Students numbers at Ulster University’s Magee campus have dropped for the latest academic year, the Derry News has learned.
Ulster University (UU) has also confirmed that steps are being mapped out before any decision is made on the relocation of health science courses.
Figures obtained by the Derry News by way of a Freedom of Information (FOI) request, after UU refused to provide them, show that student numbers have dropped from 4,313 in 2018/19 to 4,237 in 2019/20 - that is both full-time and part-time students.

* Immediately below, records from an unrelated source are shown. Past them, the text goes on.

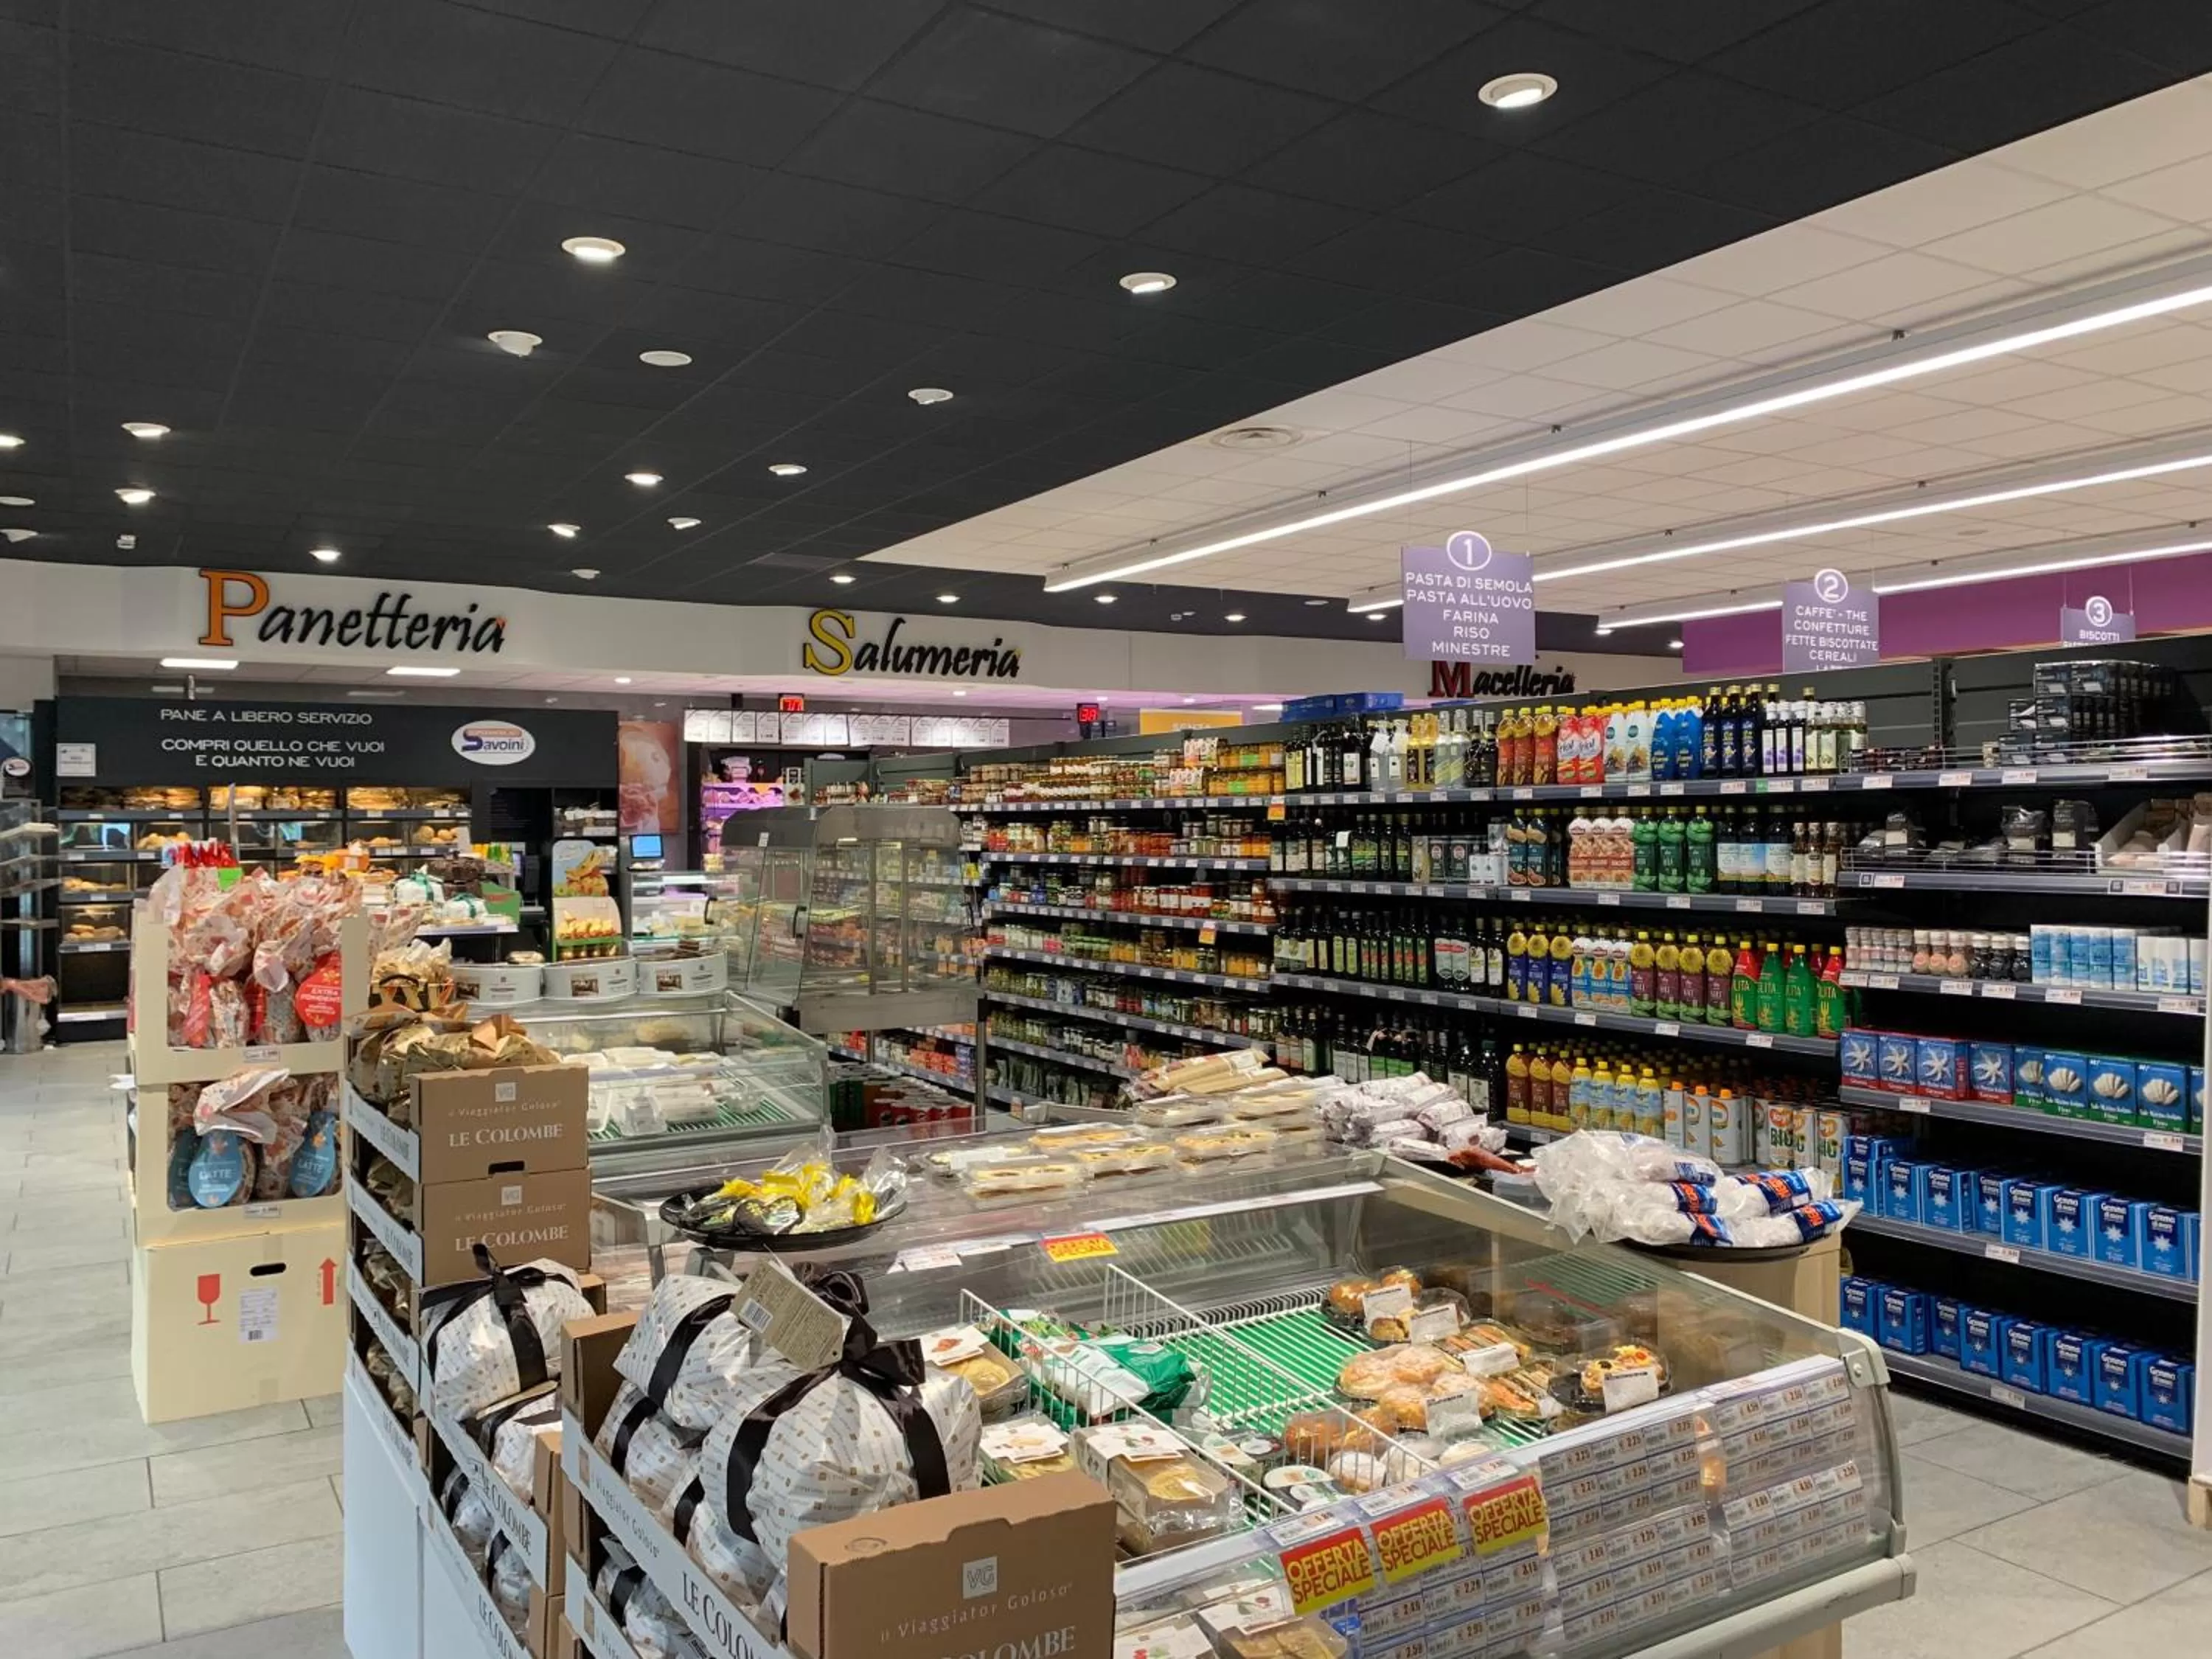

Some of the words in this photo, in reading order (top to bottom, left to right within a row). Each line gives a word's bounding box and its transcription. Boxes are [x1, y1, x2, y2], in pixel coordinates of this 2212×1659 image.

[1463, 538, 1473, 565] 1
[1405, 572, 1453, 588] PASTA
[1456, 577, 1471, 588] DI
[1475, 578, 1533, 593] SEMOLA
[1823, 575, 1840, 599] 2
[198, 568, 507, 653] Panetteria
[1407, 590, 1455, 604] PASTA
[1461, 593, 1532, 610] ALL'UOVO
[1443, 610, 1499, 624] FARINA
[1846, 611, 1868, 622] THE
[2093, 602, 2106, 623] 3
[1453, 626, 1489, 639] RISO
[1794, 619, 1871, 636] CONFETTURE
[803, 608, 1022, 678] Salumeria
[1432, 641, 1511, 657] MINESTRE
[1785, 634, 1817, 647] FETTE
[1819, 637, 1878, 651] BISCOTTATE
[1809, 650, 1857, 662] CEREALI
[1427, 661, 1576, 698] Macelleria
[160, 709, 207, 721] PANE
[212, 710, 226, 721] A
[231, 711, 293, 723] LIBERO
[297, 712, 372, 725] SERVIZIO
[161, 738, 230, 751] COMPRI
[234, 740, 302, 752] QUELLO
[307, 741, 341, 752] CHE
[345, 741, 385, 753] VUOI
[195, 755, 207, 766] E
[212, 755, 285, 768] QUANTO
[288, 756, 310, 768] NE
[316, 756, 355, 768] VUOI
[1733, 981, 1750, 992] LITA
[448, 1132, 470, 1148] LE
[475, 1123, 563, 1145] COLOMBE
[198, 1167, 233, 1179] LATTE
[297, 1161, 324, 1173] LATTE
[455, 1236, 476, 1251] LE
[480, 1224, 569, 1248] COLOMBE
[1469, 1484, 1544, 1526] OFFERTA
[1377, 1509, 1454, 1549] OFFERTA
[1475, 1505, 1545, 1545] SPECIALE
[1287, 1537, 1368, 1580] OFFERTA
[1381, 1531, 1458, 1573] SPECIALE
[1292, 1559, 1372, 1605] SPECIALE
[683, 1571, 700, 1615] LE
[703, 1593, 756, 1659] COLO
[897, 1603, 998, 1639] Viaggiator

At Coleraine, numbers have dropped from 4,495 in 2018/19 to 4,321 this year.
It means that since 2015/16 student numbers at Magee have decreased by 861.
The proposed graduate entry medical school (GEMS) at the Derry campus is projected to have 110 students in 2029/30 if enrolments begin next year as envisaged.
Derry representatives have insisted that Health Science courses, such as physiotherapy and radiotherapy, from Jordanstown be transferred to the city to complement the GEMS.
Those courses would attract approximately 1,300 students over time and are viewed as pivotal in the push towards the desired 10,000 students.
However, all options remain on the table and the courses could end up in Coleraine or the new Belfast campus.
An Ulster University spokesperson said: “The University has gathered feedback from a range of stakeholders on the future location of its health sciences courses.
“The next steps in the process to reach a fully informed final decision will be confirmed shortly.”
Last week the Department for the Economy said “no funding” has, as yet, been formally committed by the UK or Irish Governments towards increasing undergraduate places at the Magee Campus as outlined in New Decade, New Approach.
At the end of January, DfE announced that it was committed to delivering expansion of the Belfast campus and would provide UU with a £126m bailout to complete the build.
The NI Audit Office had previously said the final cost was expected to be £100m over budget.
At the same meeting, senior DfE officials declared that UU’s business case for Magee expansion was out of date and “new money” was needed – an outcome the official said was “hard to see happening.”
A spokesperson for the Derry University Group commented: “This is a point of crisis. Commitments given to the North West in the Stormont Programme for Government (PfG) have clearly been broken by Belfast.
“The political will shown by the two governments in New Decade, New Approach, has not been reciprocated by the new administration here.
“This will have seriously damaging effects on the North West’s already-broken Higher Education sector and a devastating impact on the region’s faltering economy.”
He continued: “The generosity shown by the North West’s main political parties in re-establishing partnerships under New Decade, New Approach has been abused, very cynically – as has Council’s relationship with Ulster University.
“The two governments, and our local public representatives, cannot afford to wait any longer while the Greater Belfast Lobby bankrupts another administration. They must act immediately in the interests of the North West by overturning off-the-books bailout of UU and Belfast, and by insisting on the full implementation of the original PfG.”